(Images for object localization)
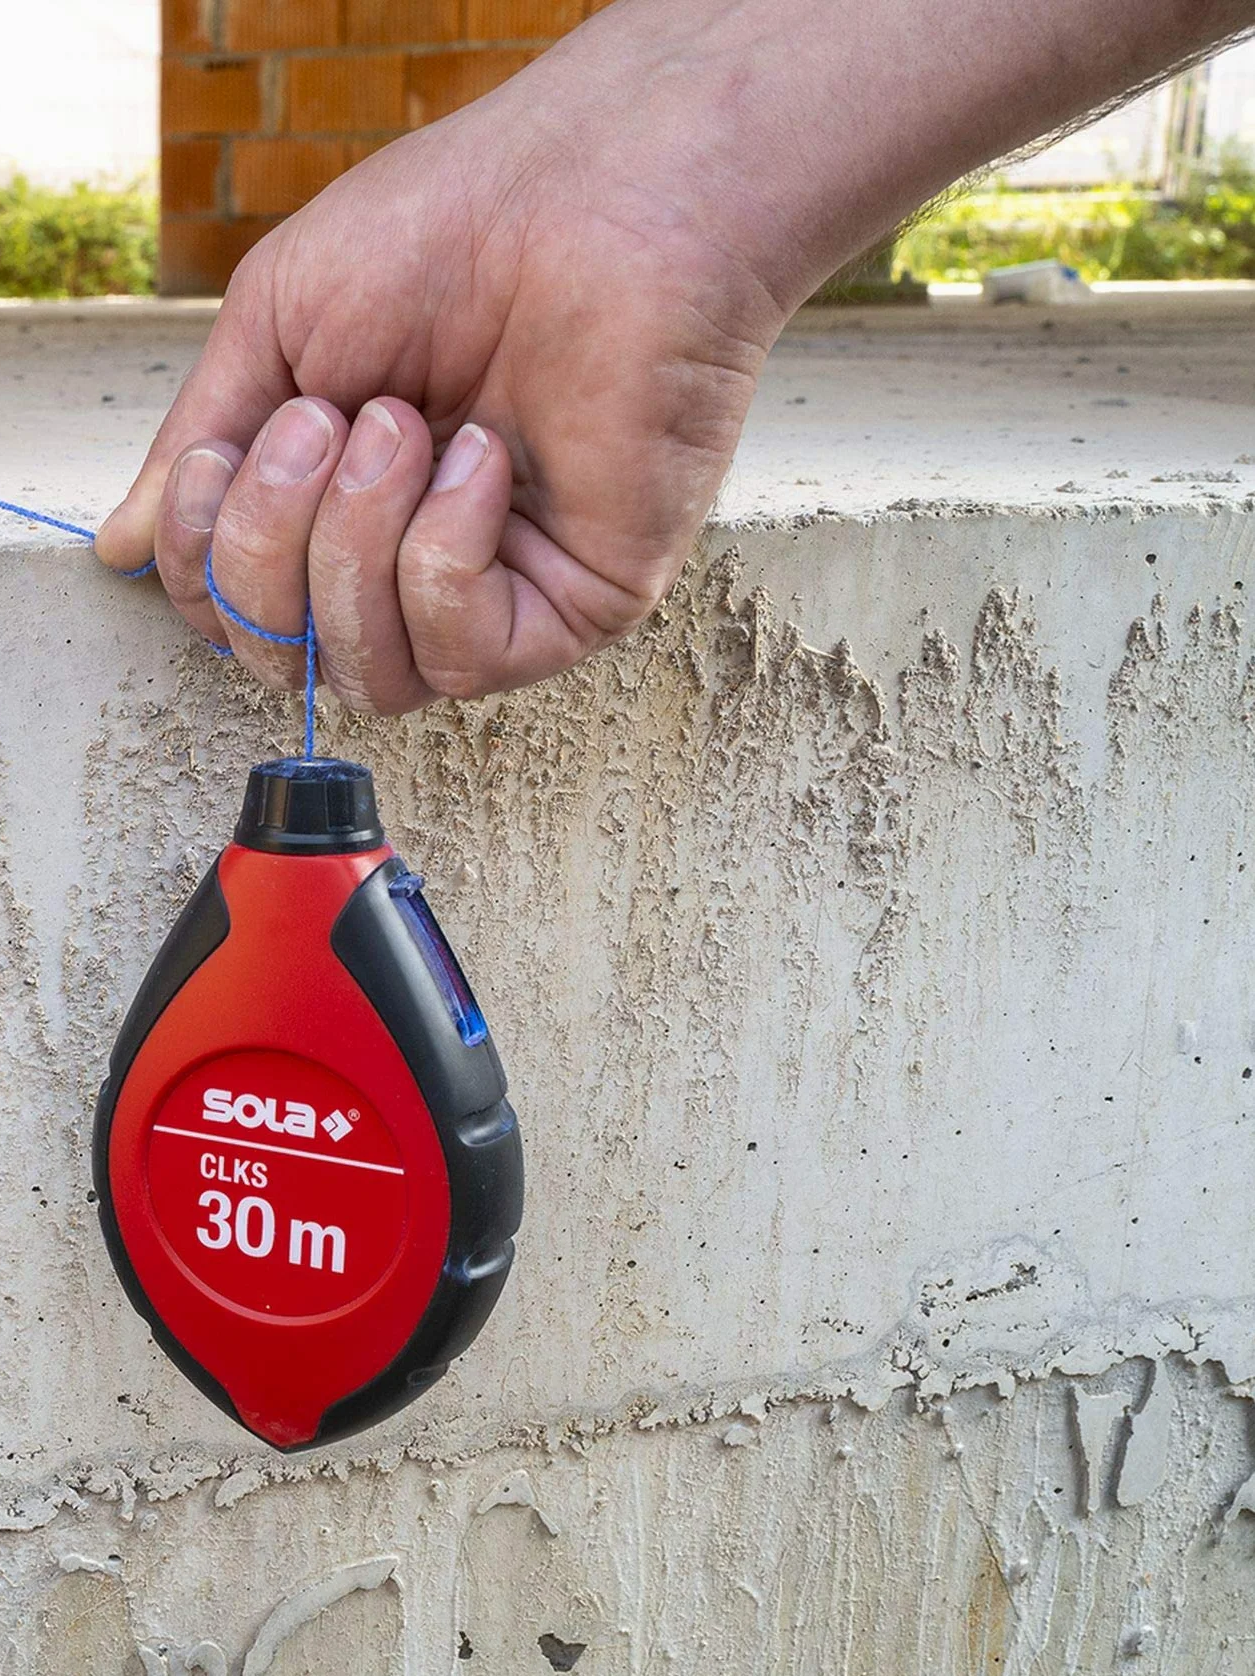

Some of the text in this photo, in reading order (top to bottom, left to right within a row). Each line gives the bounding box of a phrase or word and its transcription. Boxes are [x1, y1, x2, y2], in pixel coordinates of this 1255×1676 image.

[199, 1152, 268, 1188] CLKS
[196, 1189, 346, 1274] 30 m
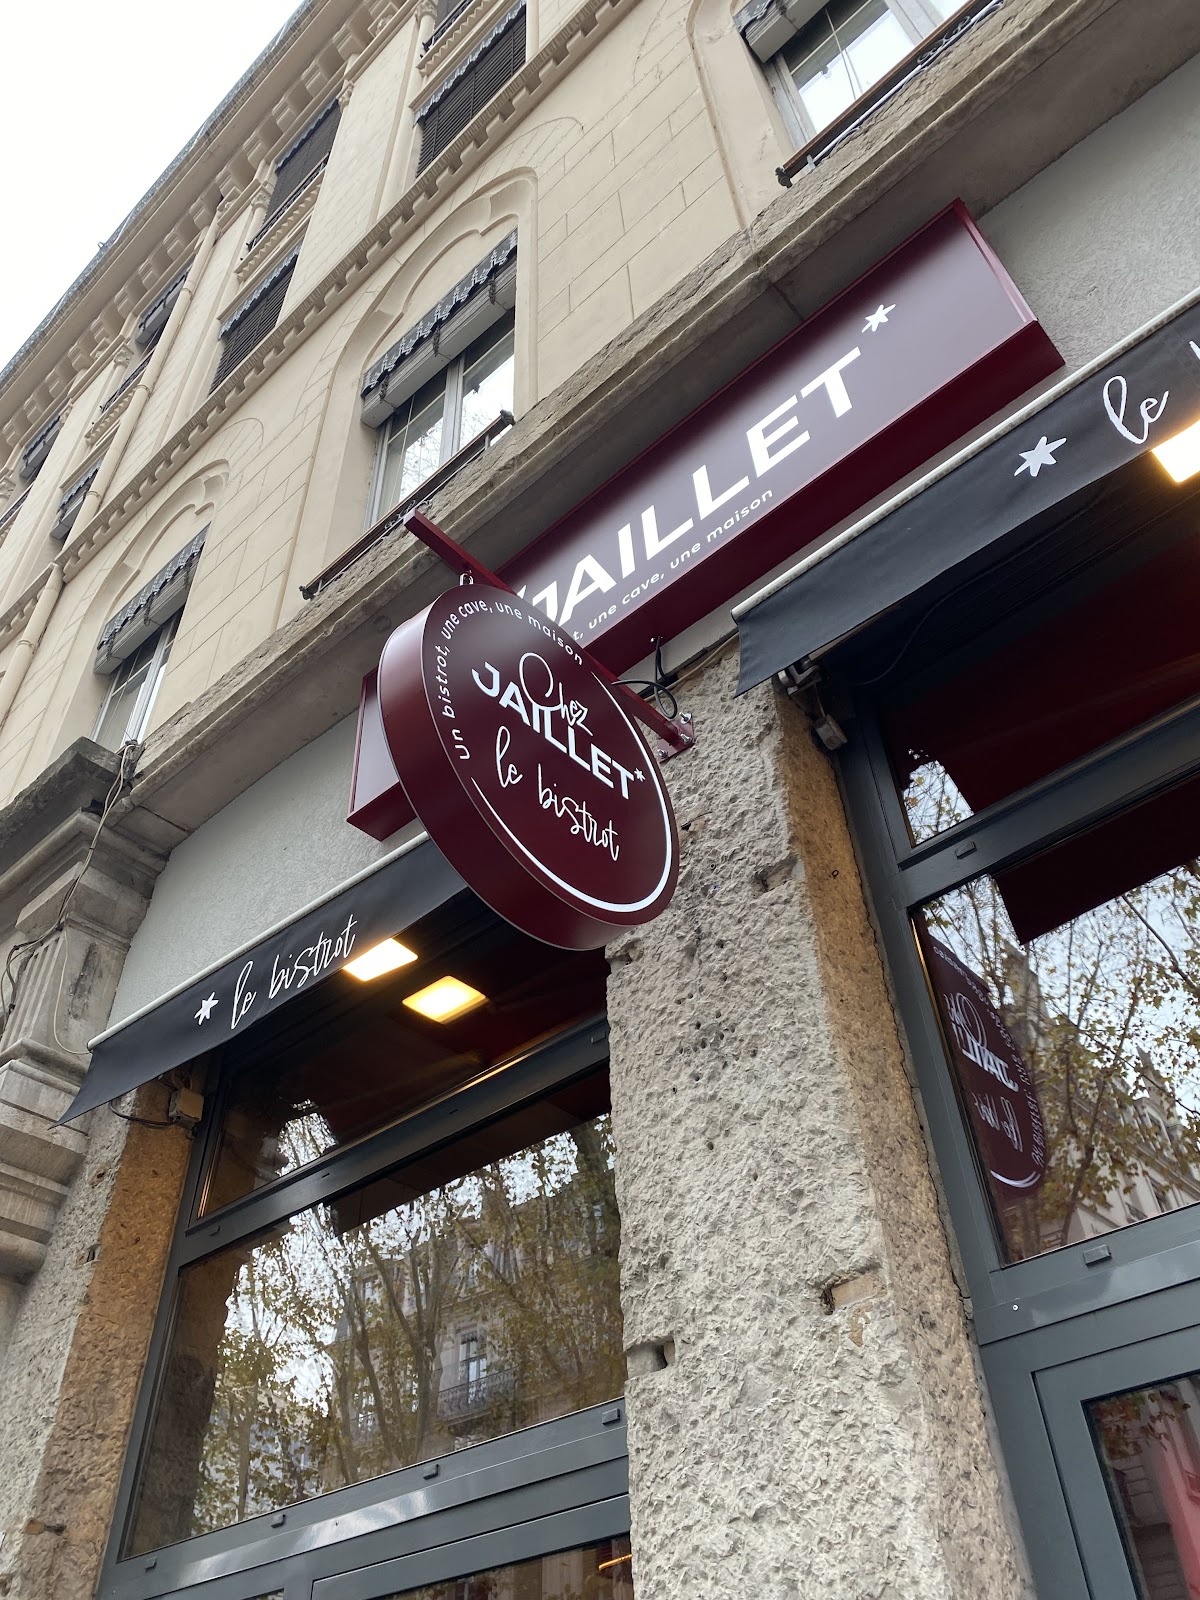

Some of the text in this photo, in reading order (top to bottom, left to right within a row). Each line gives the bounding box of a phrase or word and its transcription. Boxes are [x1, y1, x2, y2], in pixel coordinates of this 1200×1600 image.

[1102, 375, 1170, 445] le
[588, 489, 774, 630] une cave, une maison
[440, 612, 461, 640] une
[458, 598, 494, 617] cave,
[495, 601, 524, 621] une
[527, 614, 584, 666] maison
[437, 645, 456, 719] bistrot,
[518, 652, 594, 737] Chez
[450, 728, 471, 761] un
[495, 725, 621, 862] le bistrot
[230, 913, 358, 1030] le bistrot

* _WORK TO BE COMPLETED_
Line by line, print the records above exactly, skipping each picture.

* _ANSWER_
Some of the text in this photo, in reading order (top to bottom, left to right within a row). Each line gives the bounding box of a phrase or word and its transcription. Boxes are [x1, y1, x2, y2], in pixel coordinates of this 1255×1676 image.

[199, 1152, 268, 1188] CLKS
[196, 1189, 346, 1274] 30 m

Some of the text in this photo, in reading order (top to bottom, left to right within a row). Each line gives the bounding box of a phrase or word and its transcription. Boxes are [x1, y1, x2, y2], in pixel coordinates of this 1200×1600 image.

[1102, 375, 1170, 445] le
[588, 489, 774, 630] une cave, une maison
[440, 612, 461, 640] une
[458, 598, 494, 617] cave,
[495, 601, 524, 621] une
[527, 614, 584, 666] maison
[437, 645, 456, 719] bistrot,
[518, 652, 594, 737] Chez
[450, 728, 471, 761] un
[495, 725, 621, 862] le bistrot
[230, 913, 358, 1030] le bistrot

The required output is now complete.